:: EXERCISE ::
When you reach a picture, leave it out; output everything else in the records exactly.

━━ MATERIALS PROVIDED ━━

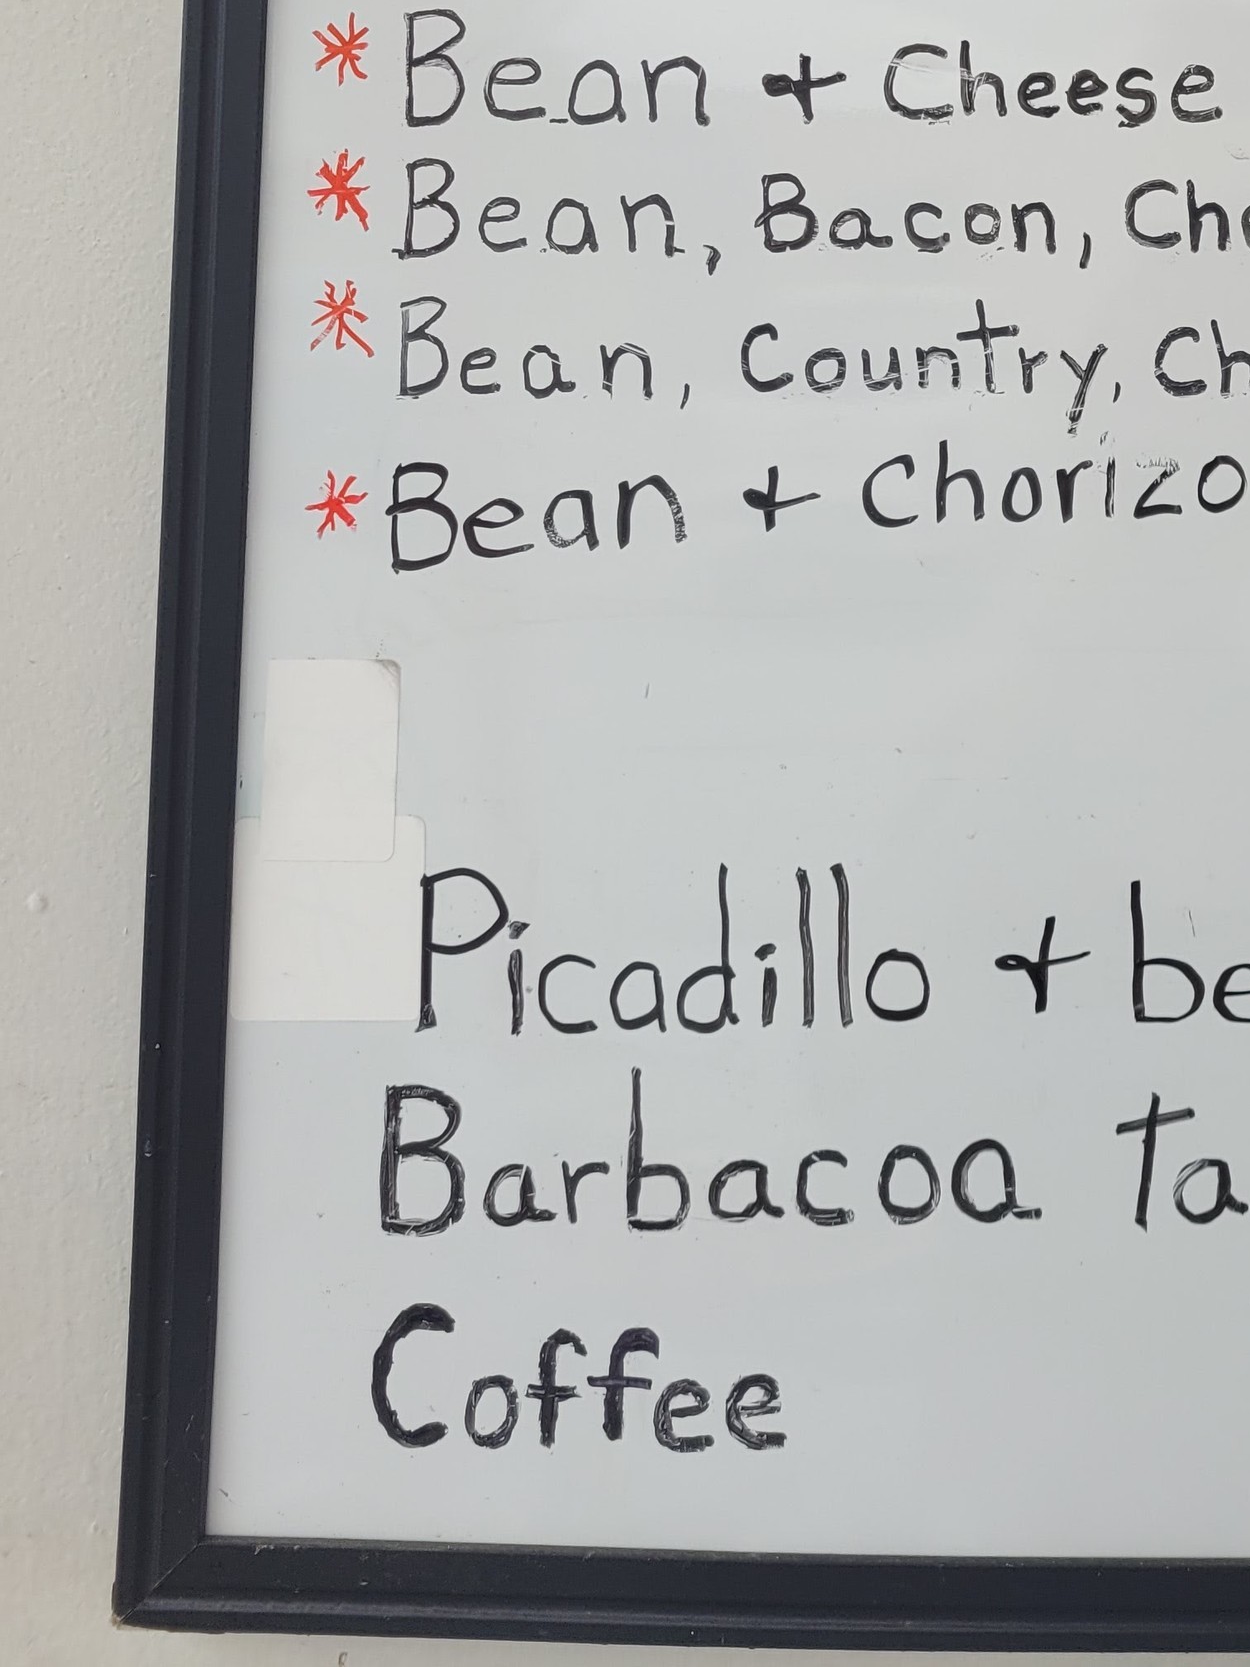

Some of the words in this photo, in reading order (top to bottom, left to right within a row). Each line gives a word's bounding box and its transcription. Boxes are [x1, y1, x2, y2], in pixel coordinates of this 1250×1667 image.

[404, 7, 710, 129] Bean
[882, 38, 1224, 130] Cheese
[390, 156, 722, 277] Bean,
[753, 171, 1092, 271] Bacon,
[398, 294, 691, 411] Bean,
[739, 297, 1122, 436] Country,
[384, 460, 688, 576] Bean
[861, 438, 1248, 529] Chorizo
[414, 861, 931, 1037] Picadillo
[378, 1067, 1044, 1236] Barbacoa
[369, 1302, 788, 1454] Coffee
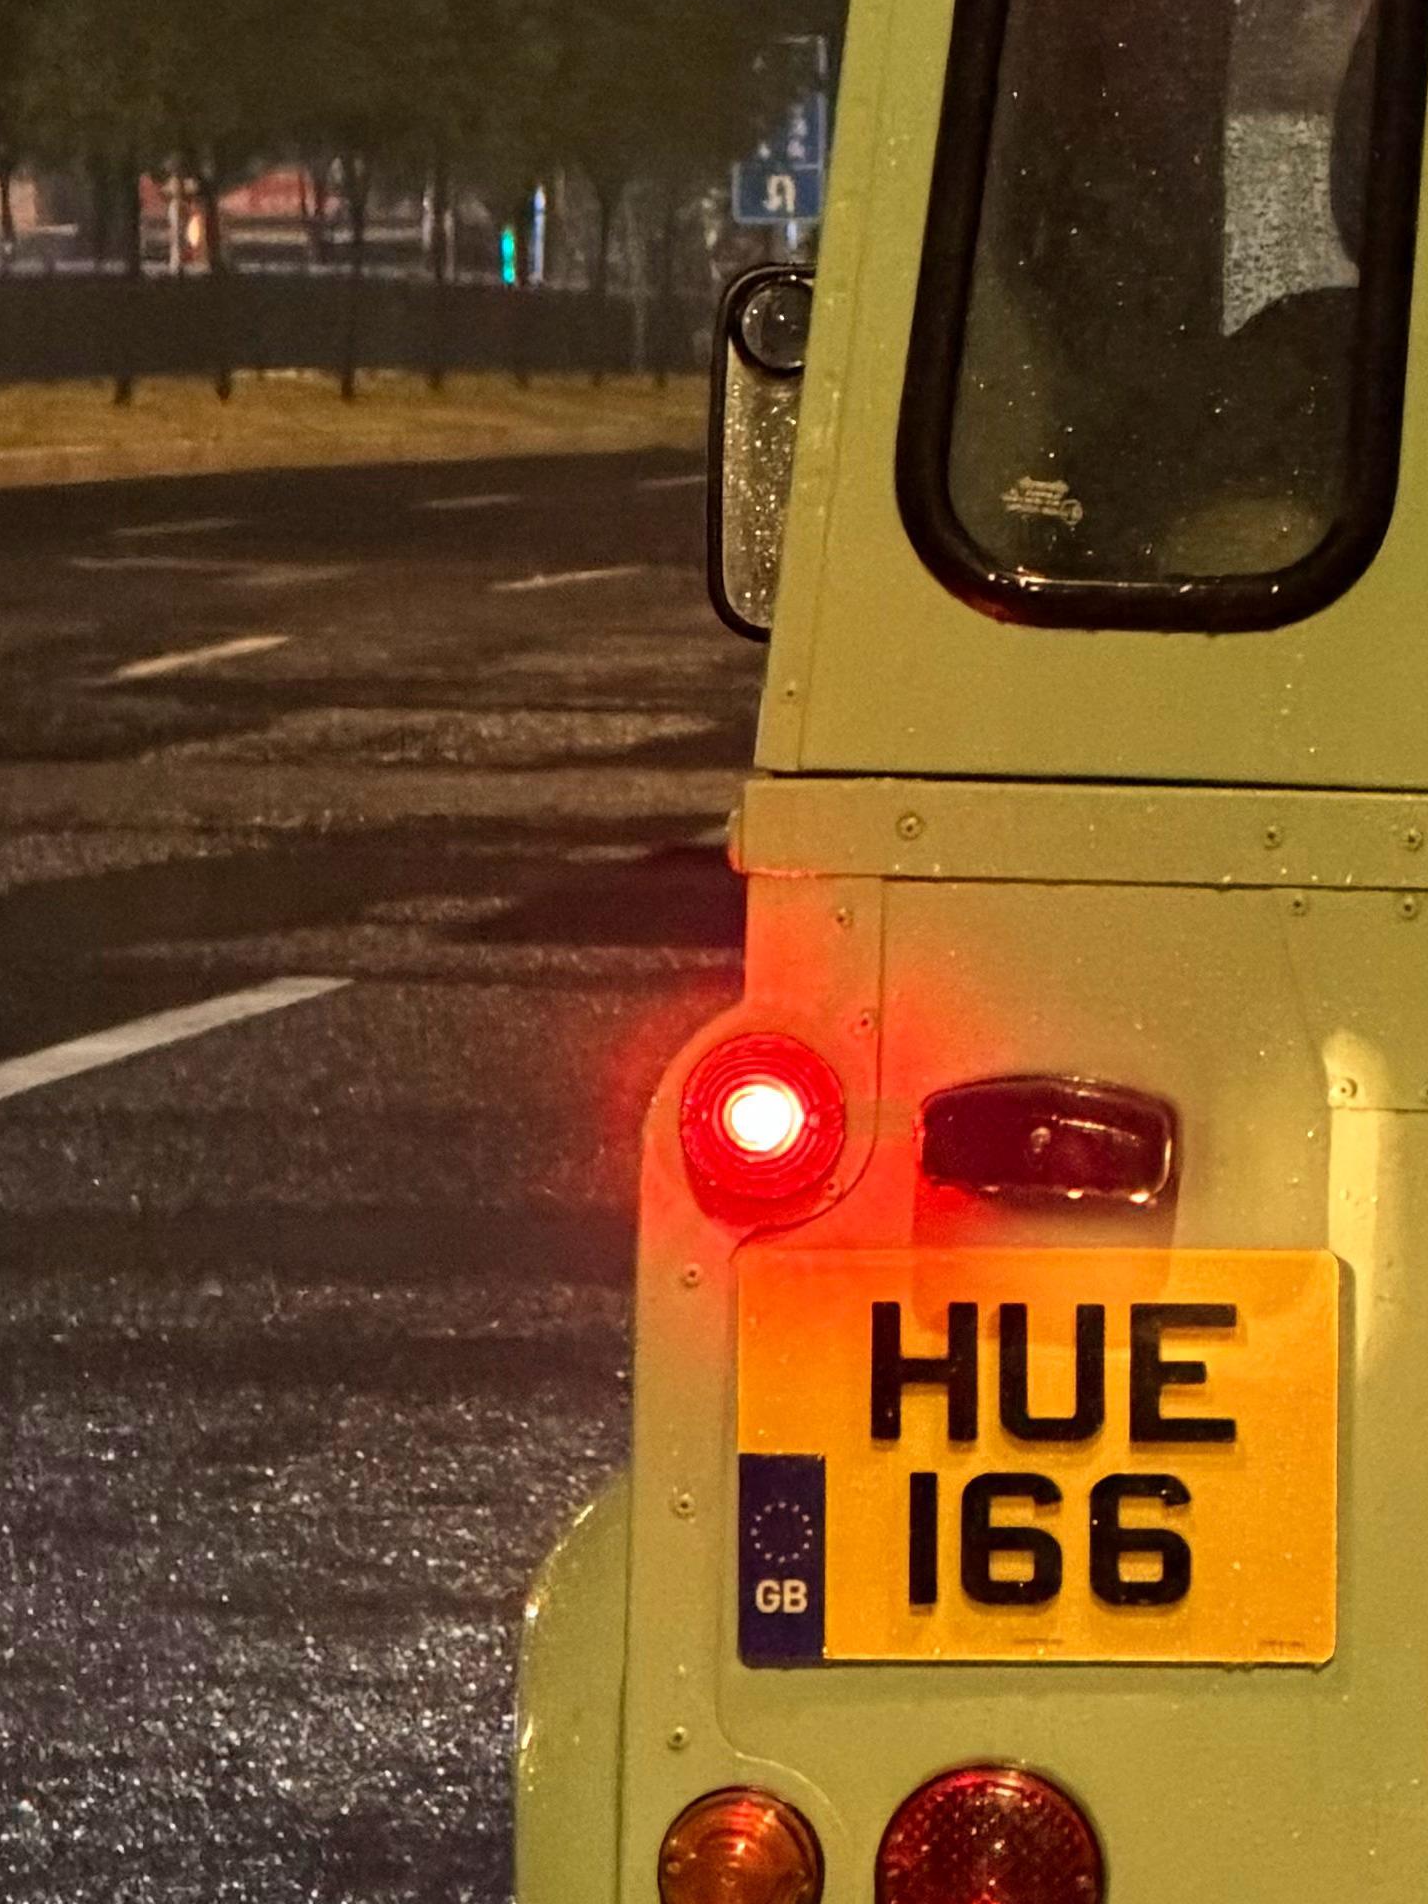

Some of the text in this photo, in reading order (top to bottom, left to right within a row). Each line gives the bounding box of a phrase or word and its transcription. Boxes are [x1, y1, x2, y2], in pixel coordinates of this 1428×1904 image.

[871, 1302, 1236, 1443] HUE
[755, 1580, 808, 1614] GB
[909, 1472, 1192, 1607] 166
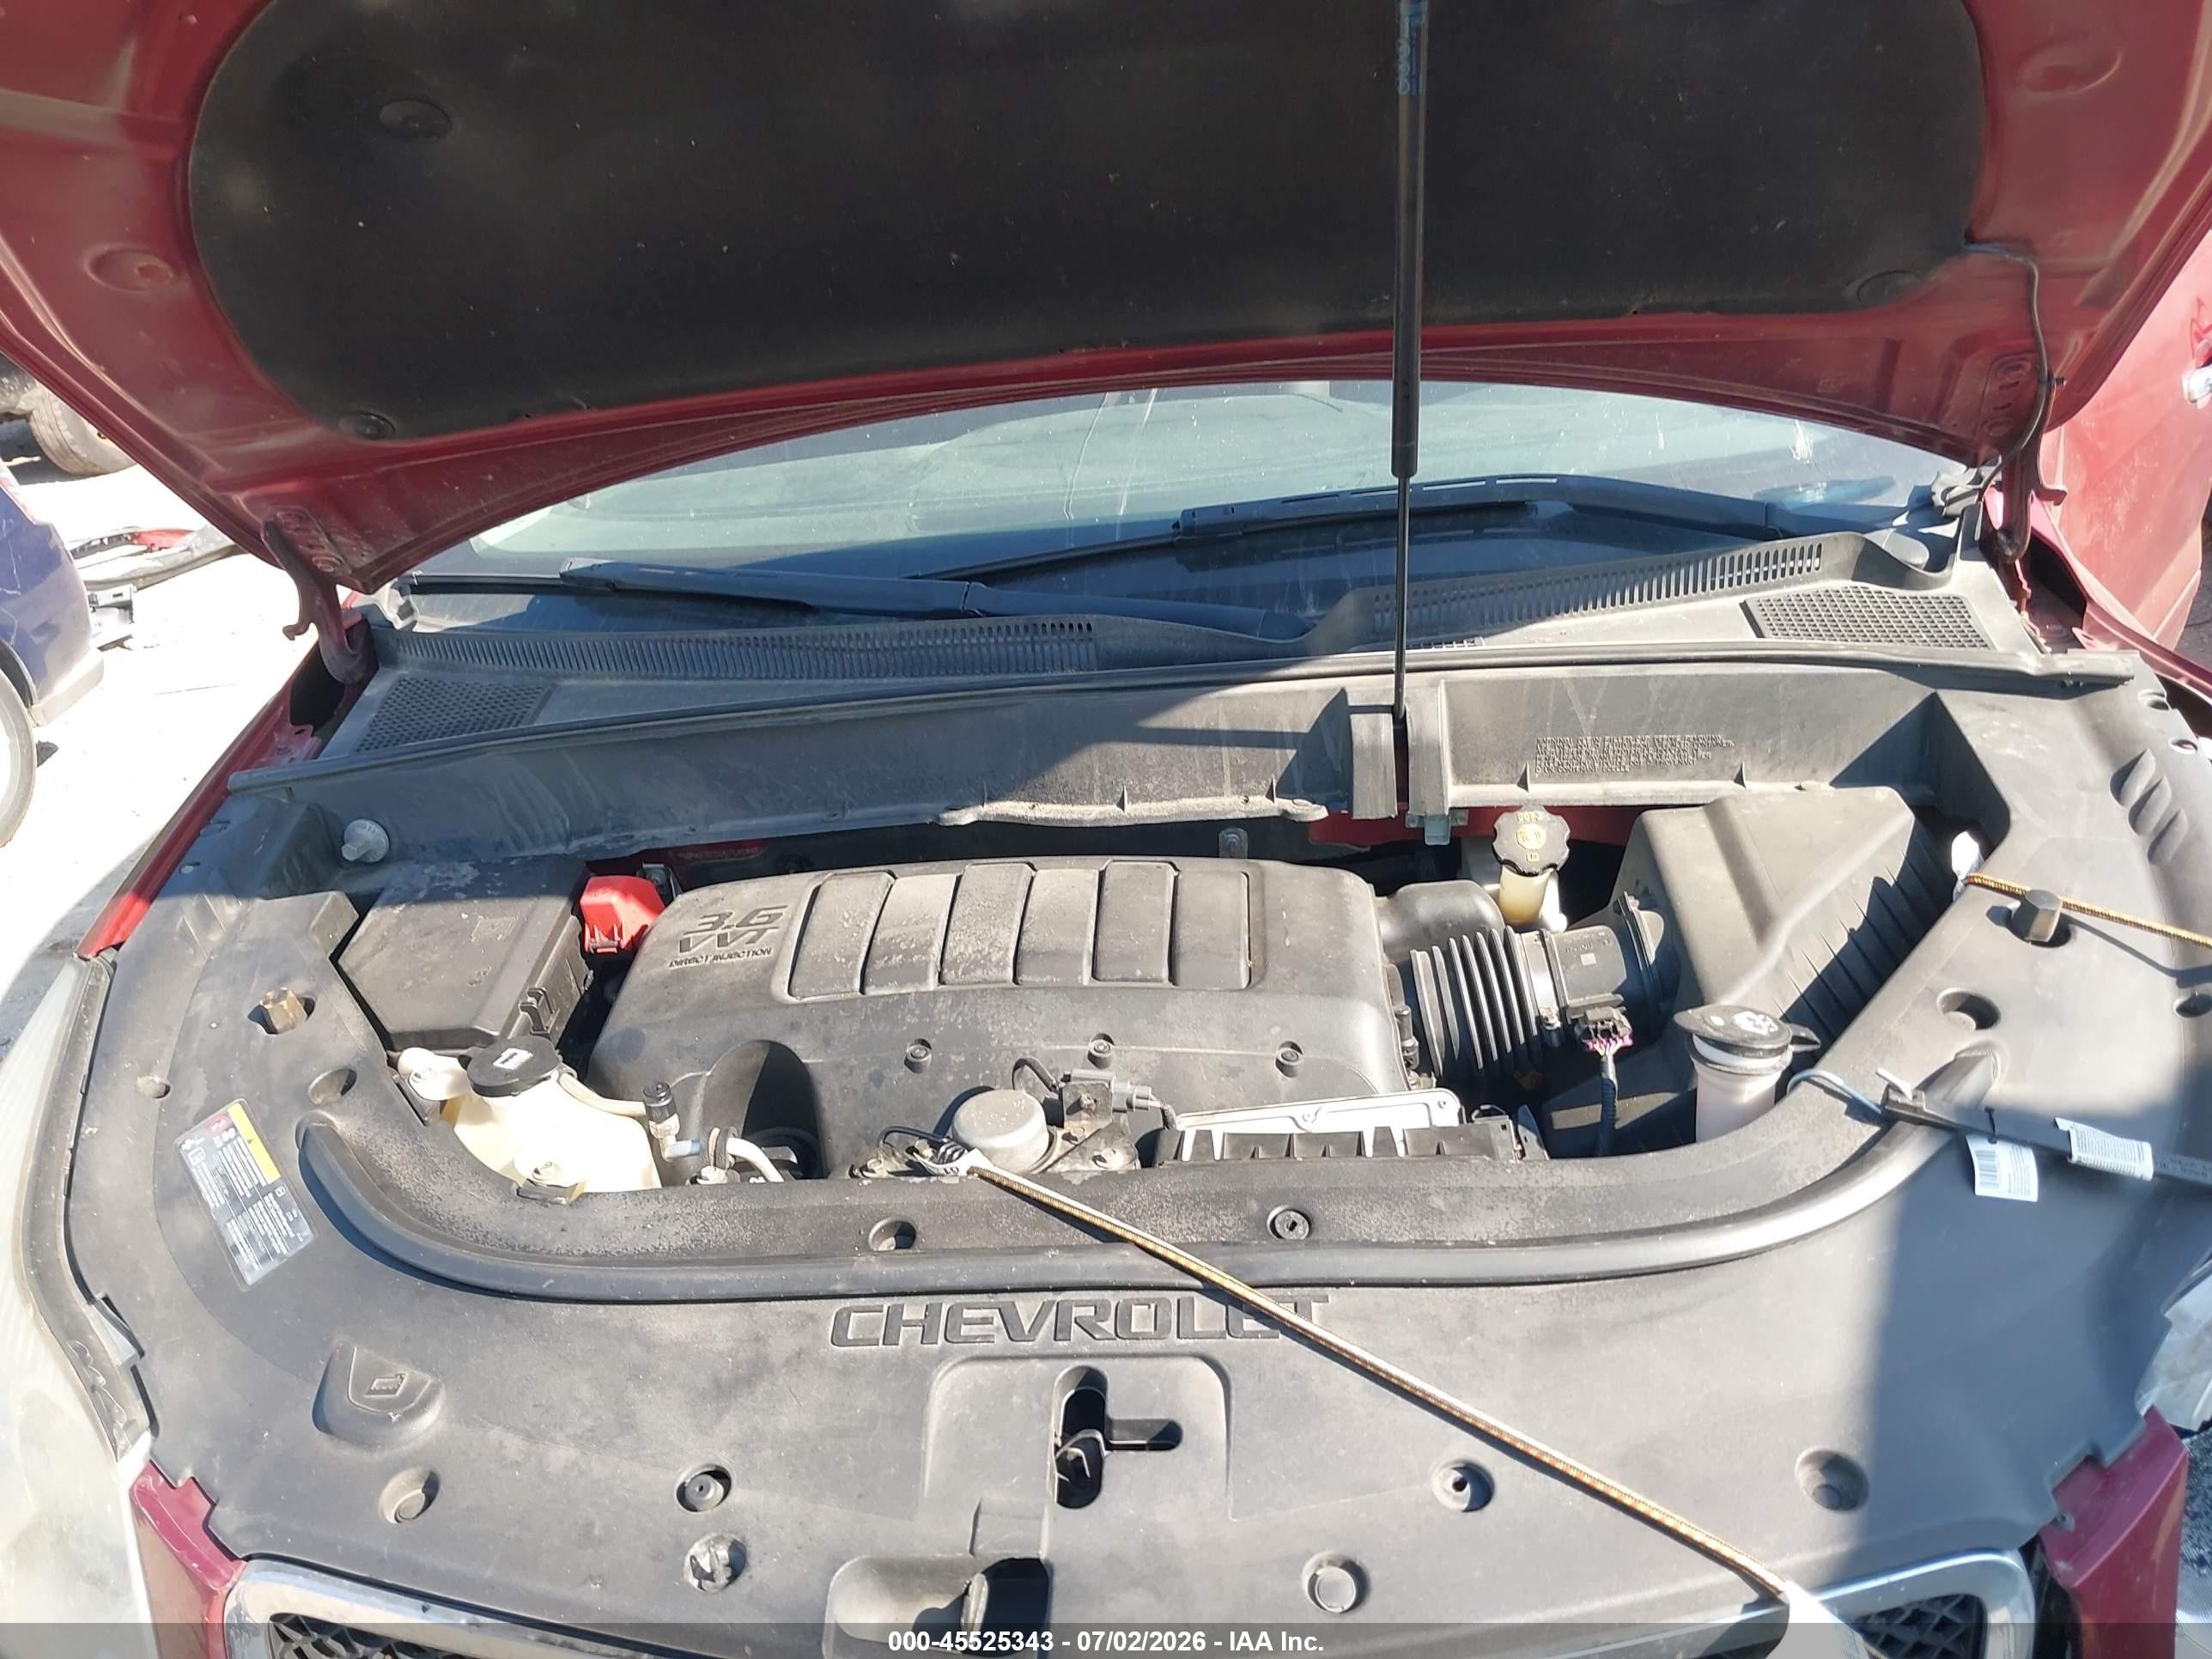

━━━

:: RESULT ::
Some of the words in this photo, in reading order (top to bottom, left to right within a row). Each line gives a word's bounding box and its transcription. Boxes are [x1, y1, x2, y2], in pixel coordinates of this 1250×1667 image.

[404, 7, 710, 129] Bean
[882, 38, 1224, 130] Cheese
[390, 156, 722, 277] Bean,
[753, 171, 1092, 271] Bacon,
[398, 294, 691, 411] Bean,
[739, 297, 1122, 436] Country,
[384, 460, 688, 576] Bean
[861, 438, 1248, 529] Chorizo
[414, 861, 931, 1037] Picadillo
[378, 1067, 1044, 1236] Barbacoa
[369, 1302, 788, 1454] Coffee

Some of the text in this photo, in reading order (top to bottom, left to right within a row). Each line gives the bounding box of a phrase or word and its transcription. Boxes are [x1, y1, x2, y2], in pixel coordinates of this 1428×1904 image.

[871, 1302, 1236, 1443] HUE
[755, 1580, 808, 1614] GB
[909, 1472, 1192, 1607] 166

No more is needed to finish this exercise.